A new bill, the Ghana Cocoa Board (Amendment) Bill 2017, which will transfer ministerial oversight over Cocobod to the Minister of Food and Agriculture and reposition the board to deliver the target of producing 1m tonnes of cocoa annually, has been approved by parliament.
According to a report on the bill by the Constitutional, Legal and Parliamentary Affairs committee, per PNDC Law 81, the Minister for Trade exercises responsibility for Cocobod.
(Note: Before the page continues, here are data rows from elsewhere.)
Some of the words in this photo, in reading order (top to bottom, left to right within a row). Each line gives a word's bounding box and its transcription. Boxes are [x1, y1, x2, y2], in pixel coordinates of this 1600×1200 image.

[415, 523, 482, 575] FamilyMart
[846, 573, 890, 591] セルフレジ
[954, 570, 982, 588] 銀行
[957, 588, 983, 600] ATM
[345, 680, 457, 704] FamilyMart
However, the government considers it necessary to transfer the ministerial responsibility to the Minister of Food and Agriculture, the report said.
Moving for the adoption of the report, the chairman of the committee, Ben Abdallah Banda, said it became imperative to amend PNDC Law 81 to achieve the government’s objective.
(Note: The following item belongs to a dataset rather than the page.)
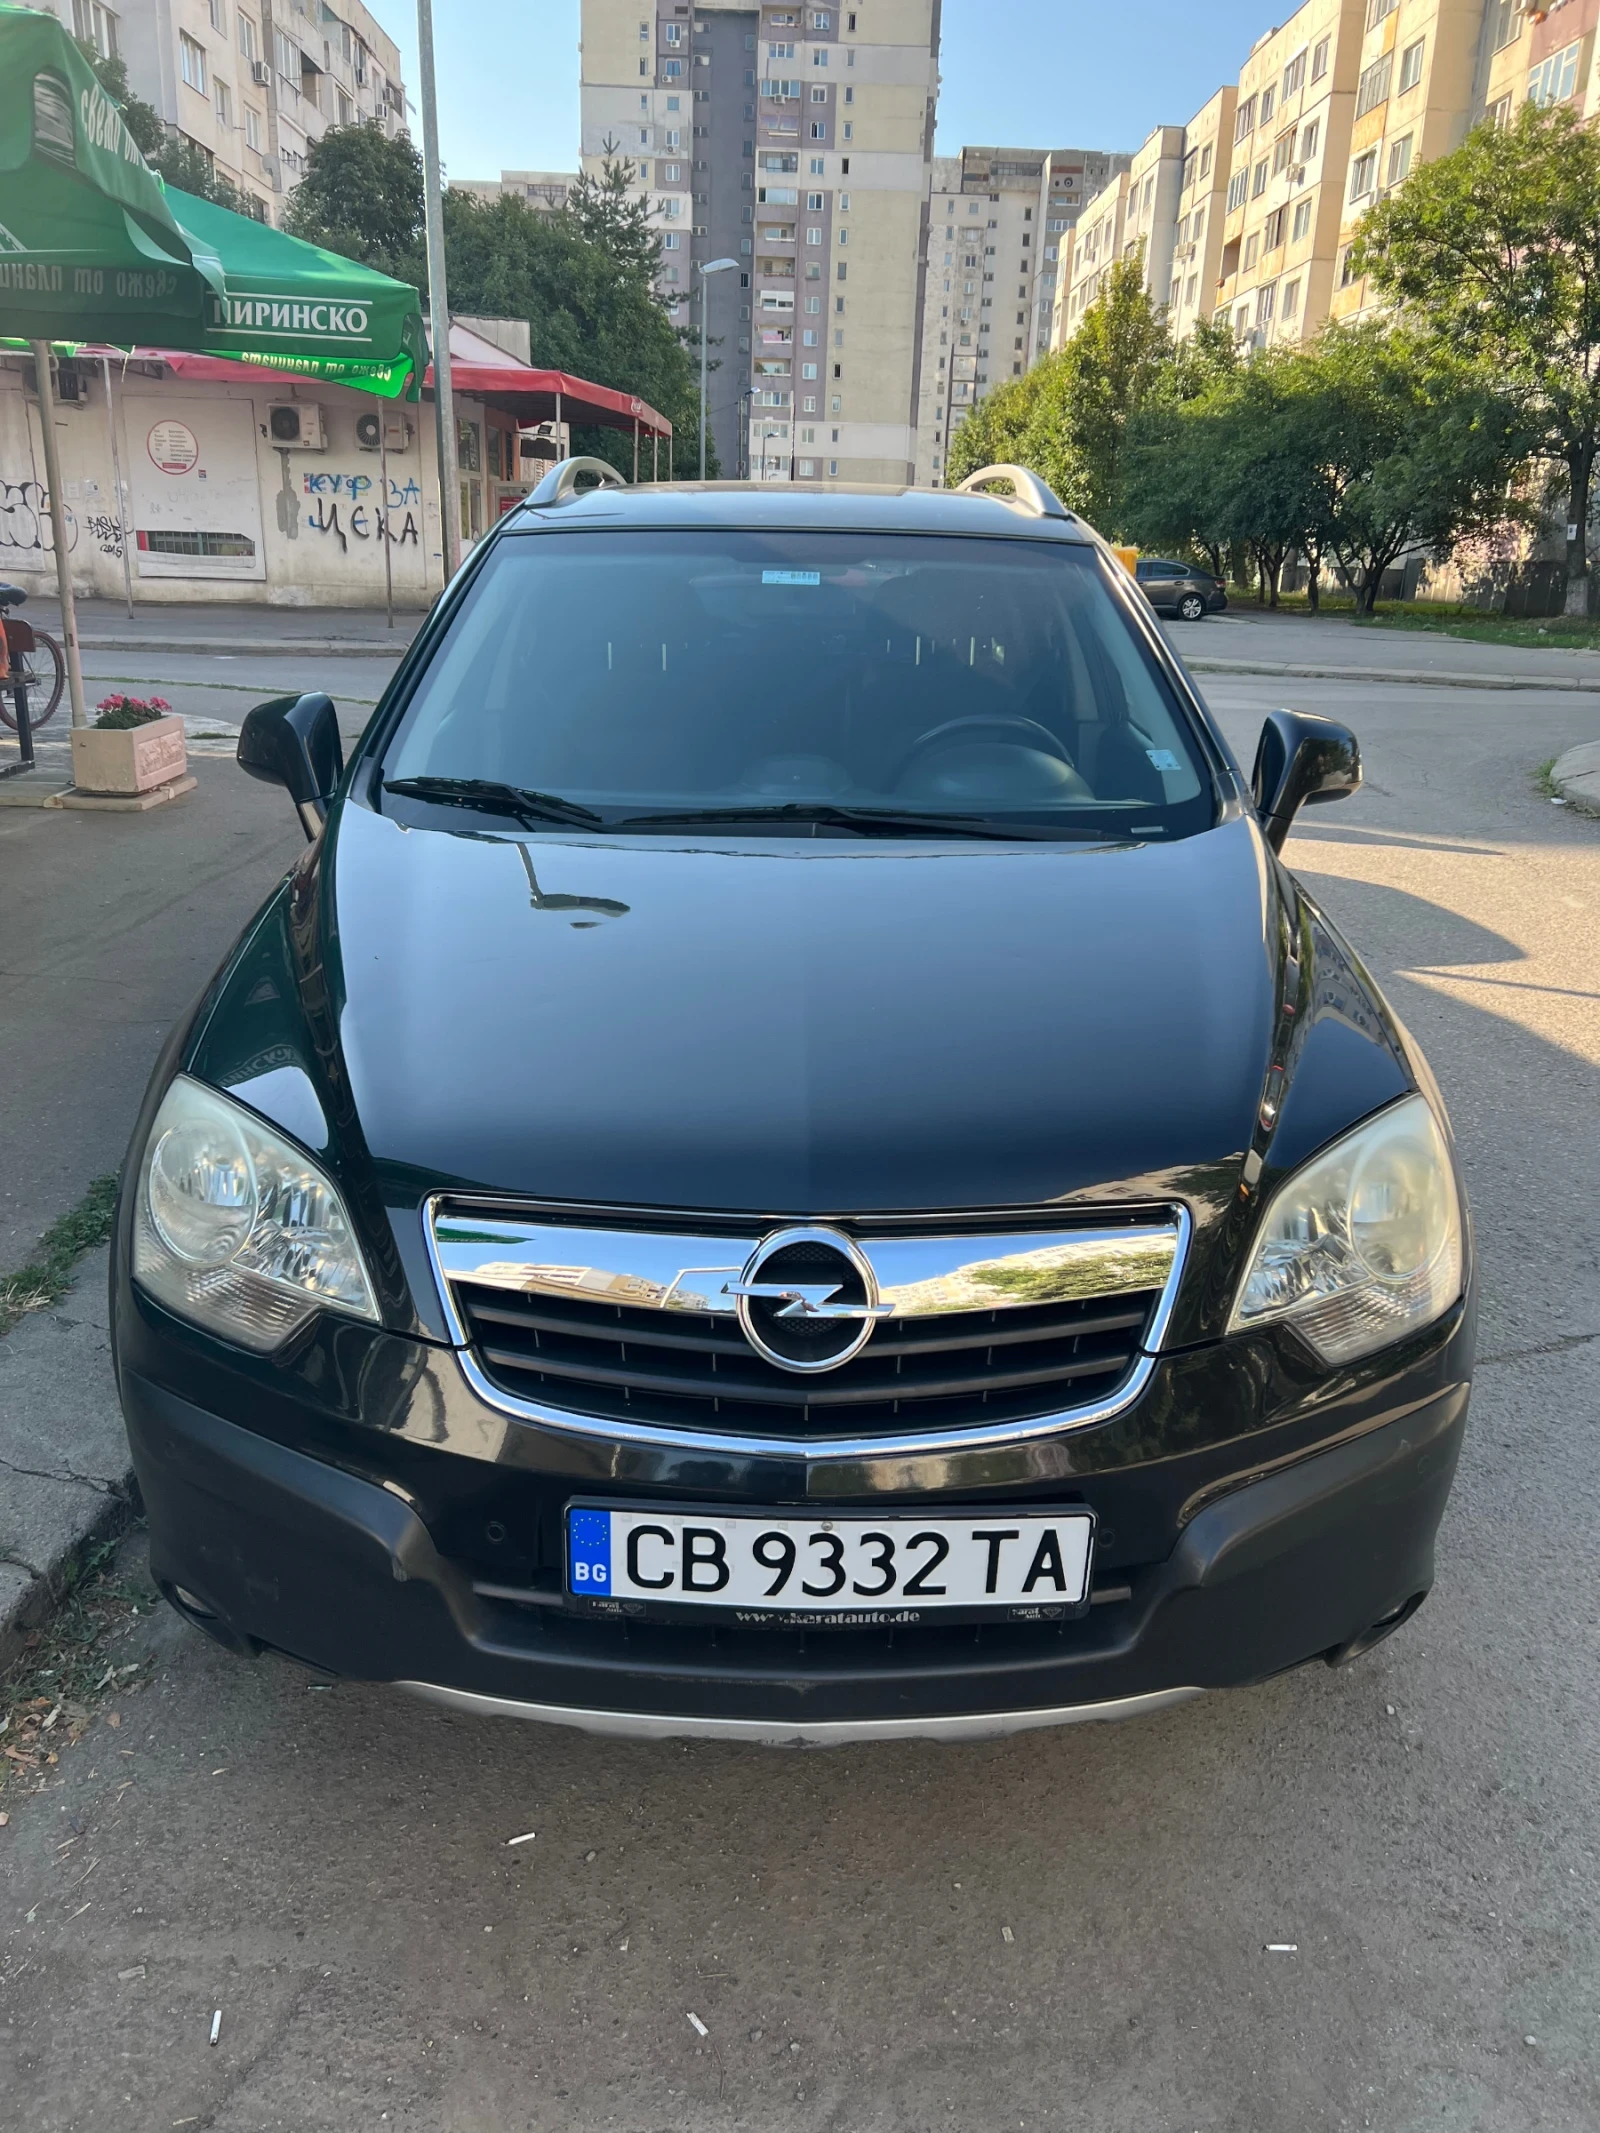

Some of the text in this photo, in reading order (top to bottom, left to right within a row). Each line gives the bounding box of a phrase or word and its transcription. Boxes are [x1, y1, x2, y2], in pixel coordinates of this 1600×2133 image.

The amendment means the Minister of Food and Agriculture will now be responsible for approval of prices of cocoa, coffee, and shea to be paid to farmers, issuance of general directions to Cocobod relating to the performance of its functions, and the making of regulations to ensure the effective performance of the functions of the board.
At the committee consideration stage of the bill, officials of Cocobod had informed members that the intended change in ministerial responsibility was to properly focus on cocoa production as the foremost function of the board.
The cocoa industry plays an important role in Ghana’s economy, employing about 800,000 people and generating about US$2bn annually in foreign exchange earnings.
Cocoa output reached a peak of 1m tonnes in the 2010-11 harvest season but has ranged between 800,000-900,000 tonnes since then as the sector struggled with diseased and aged trees. According to a Bloomberg report on September 29, production fell to a five-year low of fewer than 800,000 tonnes in the 2019-20 harvest season that just ended.
For the new (2020-21) harvest season which began this month, the government has raised the purchase price of cocoa from farmers by 28 percent to GH¢10,560 per tonne. This follows the successful implementation of the Living Income Differential (LID), whereby international buyers of cocoa pay an extra US$400 per tonne on top of the world market price to shore up the incomes of farmers.